M5s senza alleati, Eurodisastro di Grillo: "In fumo 700mila euro"

Il capogruppo dell'Alde Verhofstadt cede al diktat degli eurodeputati francesi e tedeschi: nullo l'accordo col Movimento 5 Stelle approvato dagli attivisti. La rabbia di Grillo: "Fermati dall'establishment, tutte le forze possibili si sono mosse contro di noi"

STRASBURGO - Il Movimento 5 Stelle ha detto addio all’alleanza con l’Ukip di Nigel Farage in Europa e ora si ritrova senza la possibilità di aderire a nessun gruppo nell'Europarlamento, votandosi alla "insignificanza", e ad un cospiscuo "buco" in bilancio.

E' la conseguenza del "no" arrivato dal capogruppo dei liberali di Alde, l'ex premier belga Guy Verhofstadt, che ha presentato all'ufficio di presidenza del partito il ritiro della proposta di accordo con il Movimento 5 Stelle che avrebbe sancito l'ingresso degli eurodeputati grillini nel terzo gruppo più grande del Parlamento Europeo. 

"Troppe divergenze su temi europei essenziali" - ha sostenuto il leader liberale in lizza per le elezioni per il rinnovo della presidenza del parlamento comunitario di Strasburgo. "Sono arrivato alla conclusione che non esistono garanzie sufficienti per concludere un programma comune in vista di riformare l'Europa - si legge nella dichiarazione di Verhofstadt - non esistono abbastanza punti di accordo per dare seguito alla domanda del Movimento 5 Stelle di raggiungere l'Alde". Nonostante ciò, conclude l'ex premier belga, "su questioni di interesse comune come l'ambiente, la trasparenza e la democrazia diretta, Alde e Movimento 5 Stelle continueranno a collaborare strettamente". 
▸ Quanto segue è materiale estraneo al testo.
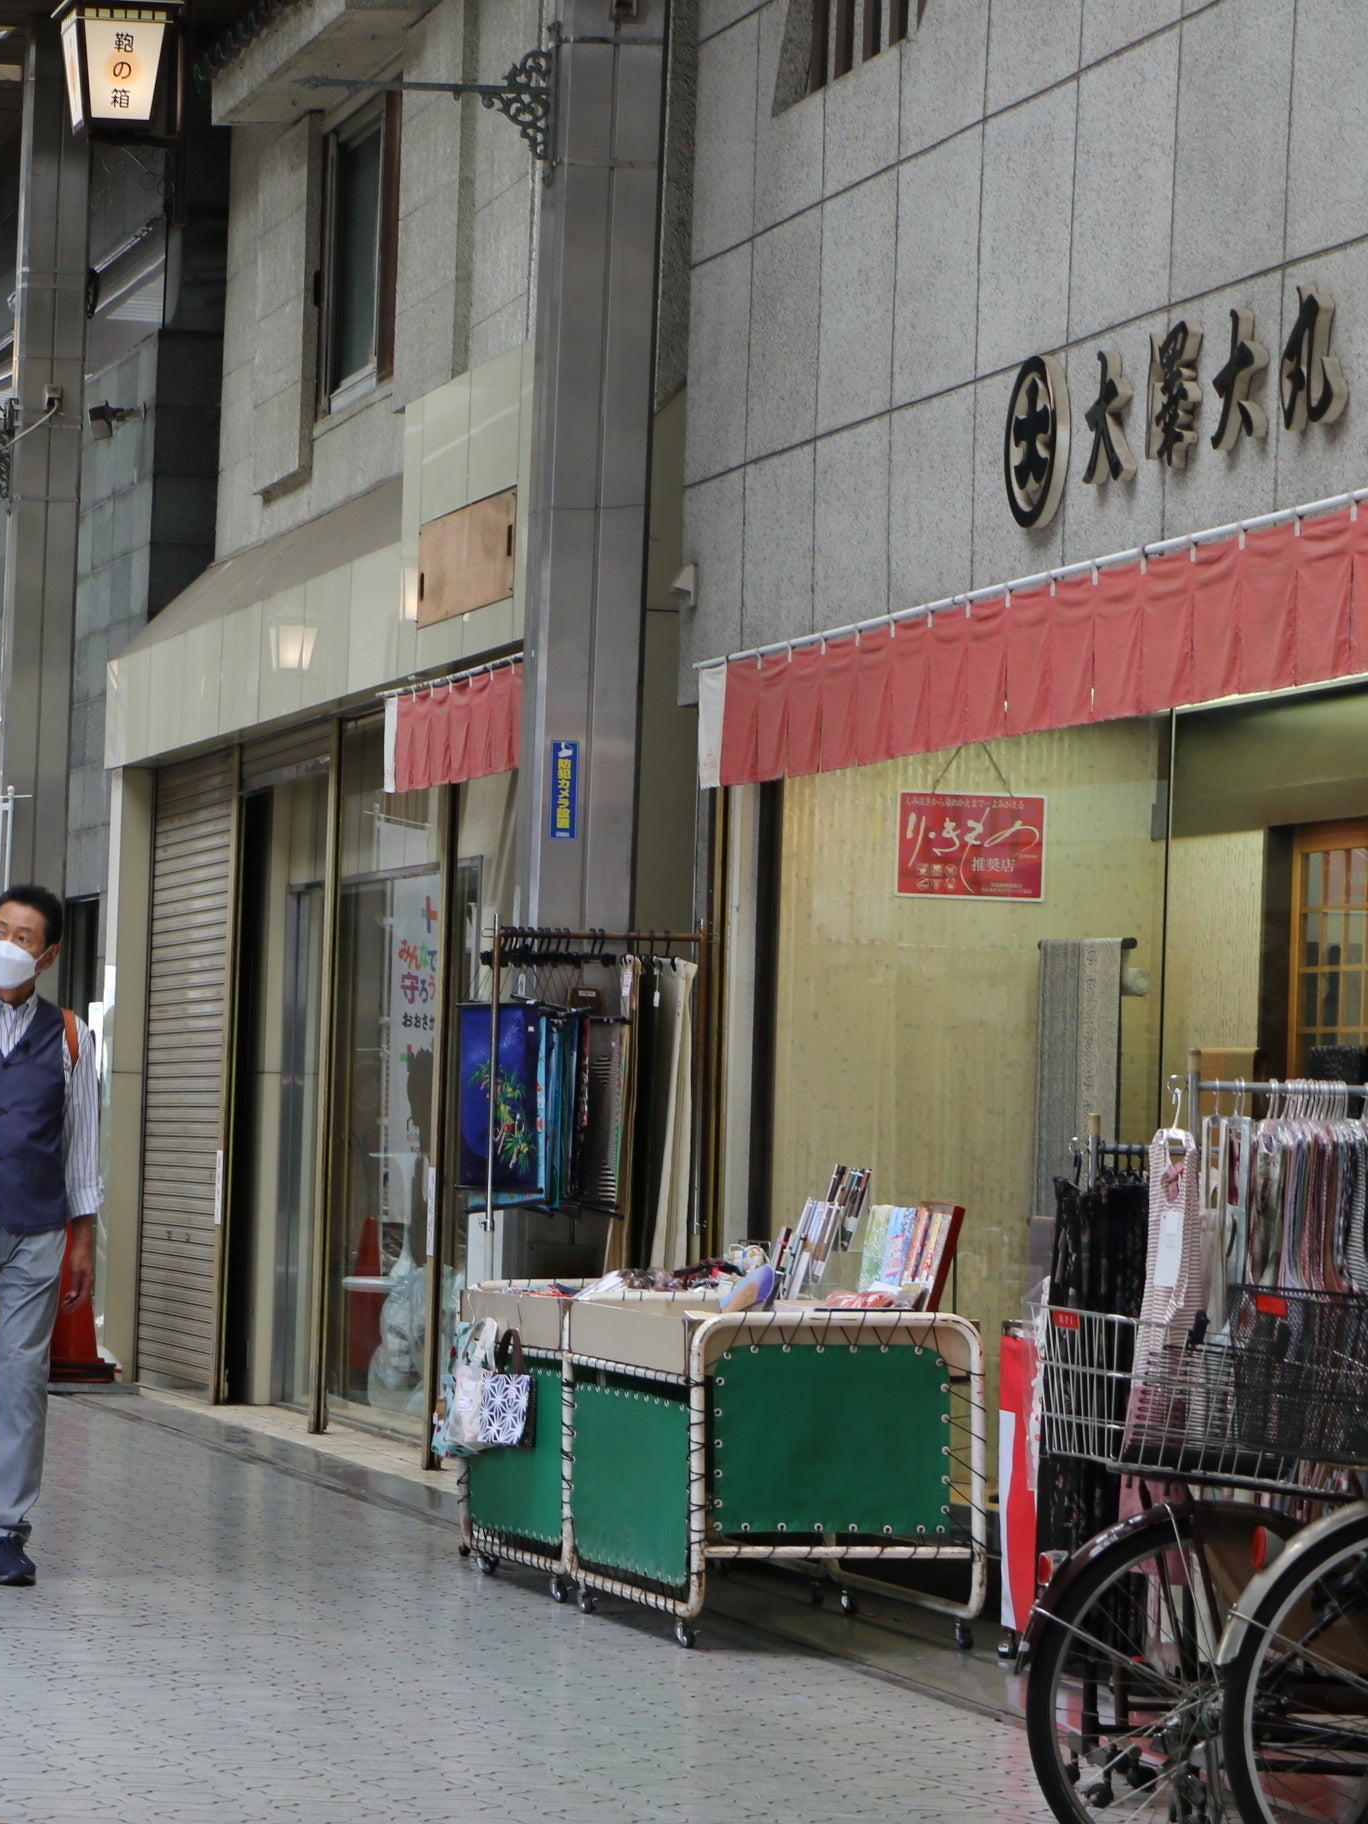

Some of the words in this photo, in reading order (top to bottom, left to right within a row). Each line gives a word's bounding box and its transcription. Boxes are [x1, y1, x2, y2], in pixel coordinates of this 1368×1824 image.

[110, 31, 135, 109] 鞄の箱
[556, 758, 572, 829] 防犯カメラ設置
[971, 857, 1016, 873] 推奨店
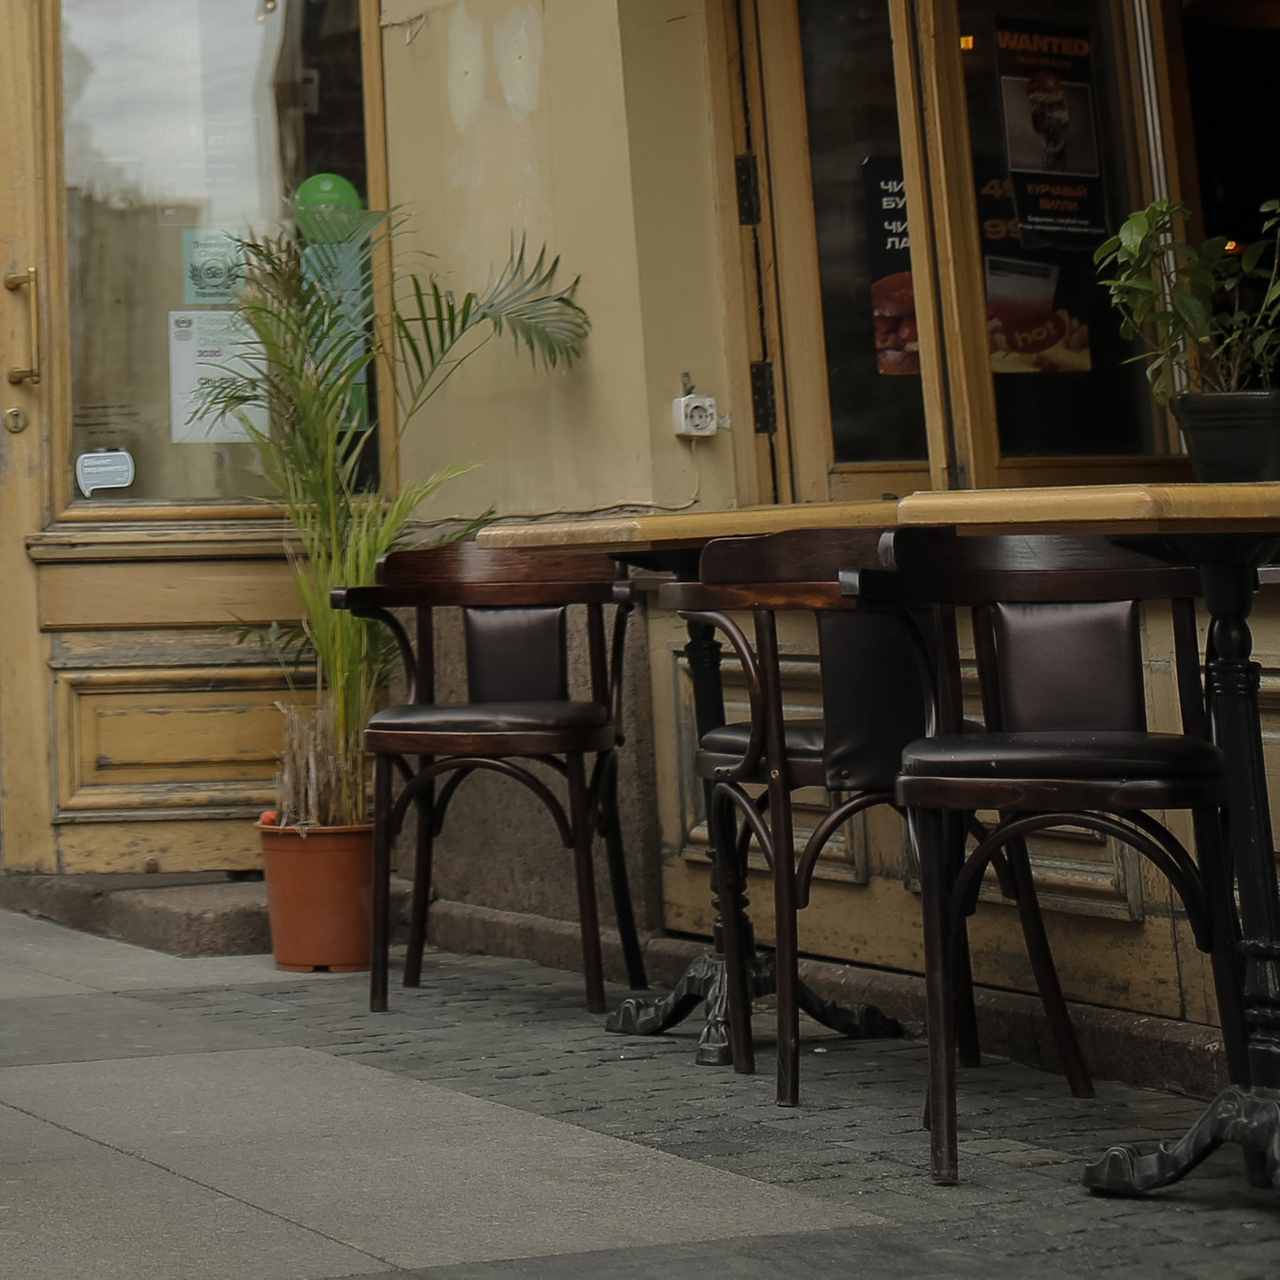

Era chiaro che l'accordo "tecnico" fosse difficilmente attuabile con l'M5s, un partito che si dice contrario agli Stati Uniti d'Europa nel lungo periodo e propone un irrituale referendum sull'euro in Italia, che a Strasburgo si sarebbe trovato a sedere sotto l'egida di Verhofstadt, federalista europeo, uno dei più convinti sostenitori degli Stati Uniti d'Europa. 

Ma le resistenze degli esponenti liberali, francesi e tedeschi in primis, hanno piegato la volontà di Verhofstadt alla caccia di voti nella difficile sfida che lo vede in corsa per la presidenza con due italiani, l'eurodeputato Pd Gianni Pittella candidato per i socialisti europei, e il forzista Antonio Tajani che guida il partito popolare europeo.

Per il Movimento 5 Stelle la bocciatura dell'accordo arrivata poche ore dopo la votazione online che ha sancito la fuoriuscita dall'Efdd, il gruppo euroscettico in cui figurava al fianco del fautore della Brexit, Nigel Farage, è un vero e proprio disastro. 

Se, come annunciato da Beppe Grillo sul blog pentastellato, la delegazione del Movimento 5 Stelle in Parlamento Europeo continuerà la sua attività per creare un gruppo politico autonomo per la prossima legislatura europea: il DDM (Direct Democracy Movement), i prossimi mesi saranno durissimi per gli eurodeputati 5 Stelle. 

"L'establishment ha deciso di fermare l'ingresso del MoVimento 5 Stelle nel terzo gruppo più grande del Parlamento Europeo - ha scritto sul blog di Beppe Grillo dopo il ripensamento dell'Alde sull'accordo con M5S - Questa posizione ci avrebbe consentito di rendere molto più efficace la realizzazione del nostro programma. Tutte le forze possibili si sono mosse contro di noi. Abbiamo fatto tremare il sistema come mai prima".

Dopo le incomprensioni tra Ukip e Movimento Cinque Stelle, i pentastellati si trovano ora a dover gestire un divorzio senza paracadute. Dopo il rifiuto dei Verdi, il rischio concreto è quello di finire tra i non iscritti a nessun gruppo. Significherebbe perdere buona parte dei fondi destinati ai gruppi, circa 40mila euro all’anno per ogni parlamentare, un tesoretto di circa 680mila euro usati dai pentastellati anche per finanziare attività sul territorio.